Kanailal Vidyamandir [English Section] one of the oldest school (Established:1862)  in Hooghly district in the state of West Bengal. It is situated in Chandannagar town beside the Grand Trunk Road (G.T Road).

History 
Kanailal Vidyamandir was established as the "Saint Mary's Institution" by "Father Maglayer Barthet" in 1862. At first it used to teach only French language as Chandannagar was a French colony. English education started in 1872 by the then Puducherry French government.

In 1887 the institution was taken over by the French government.
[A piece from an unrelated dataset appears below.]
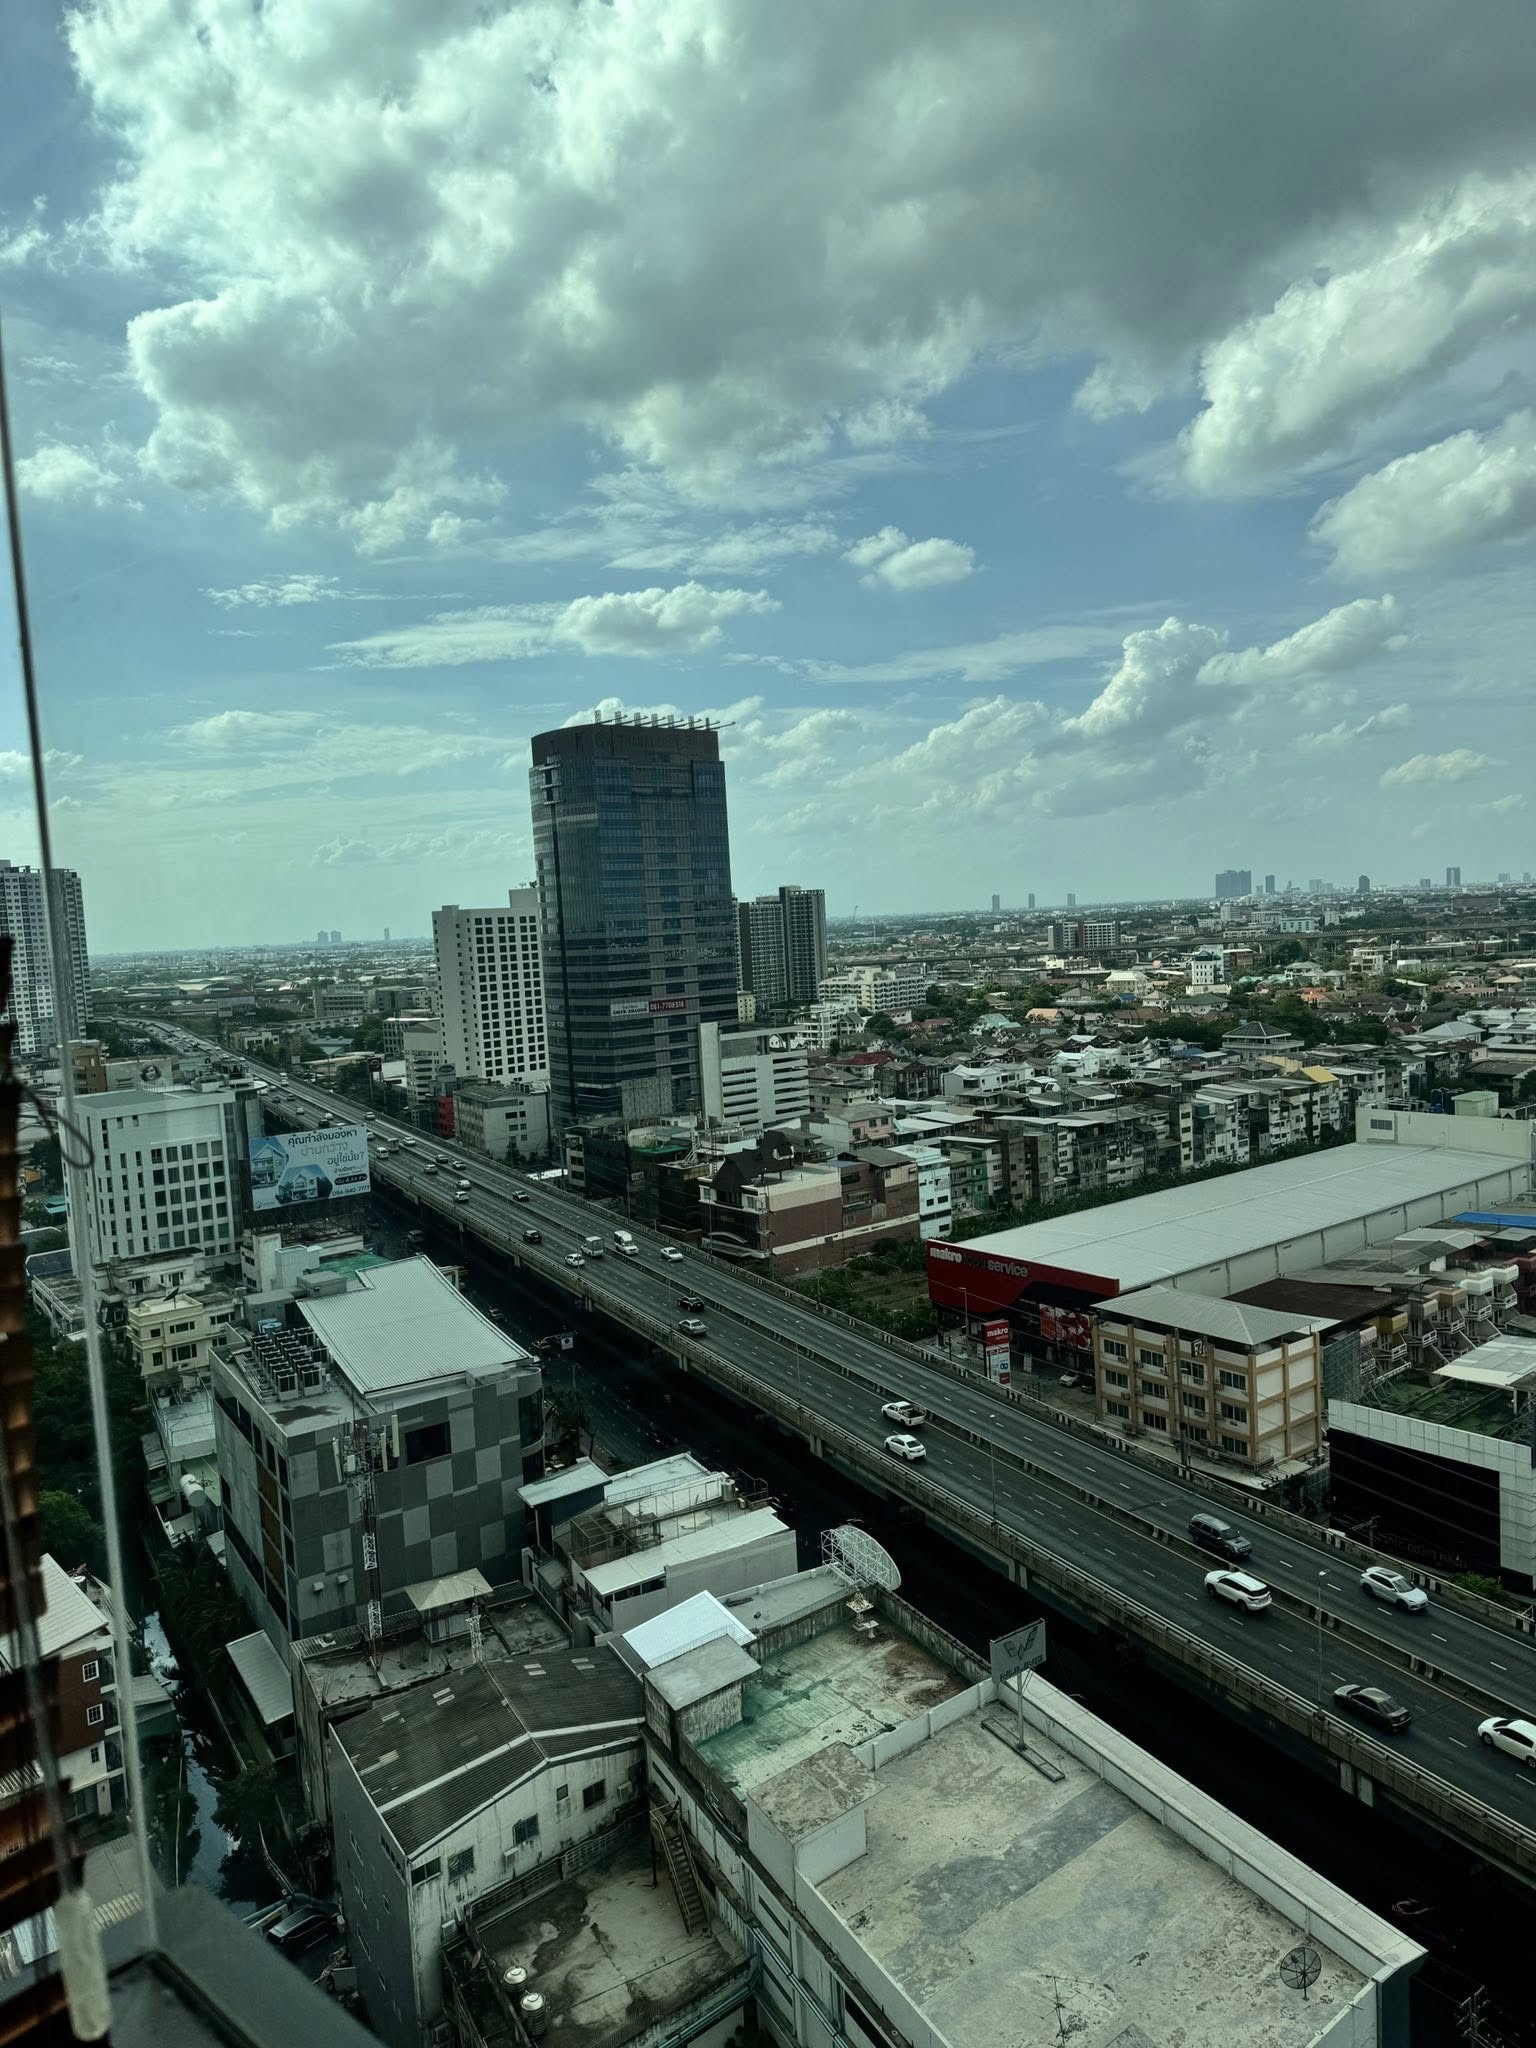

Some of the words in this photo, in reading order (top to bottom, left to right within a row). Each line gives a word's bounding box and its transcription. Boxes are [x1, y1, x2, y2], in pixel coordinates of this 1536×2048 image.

In 1901 "Saint Mary's Institution" was renamed as "Dupleix College". In 1908 the college department of "Dupleix College" was abolished which was later restored in 1931 by the efforts of Charu Chandra Ray, Harihar Seth and Narayan Chandra Dey. The school was renamed Kanailal Vidyamandir after the Bengali revolutionary Shahid Kanailal Dutta, a student of this school, on 17 May 1948 just before the liberation from the French rule. The Centenary ceremony of the school was inaugurated by Dr. Brajakanta Guha, the Vice-Chancellor of University of Burdwan on its first day. The school celebrated its 150th anniversary in 2012. This school has produced numerous scholars who later became big names in their respective fields.

Colonial architecture is visible on the building made of brick and lime with wooden roof. It was declared as heritage in 2017 by the West Bengal Heritage Commission.

Sections 
The school is divided into two sections. 

1. English Section

2. French Section

These Sections run from separate buildings situated just opposite sides of the Barabazar Main Road.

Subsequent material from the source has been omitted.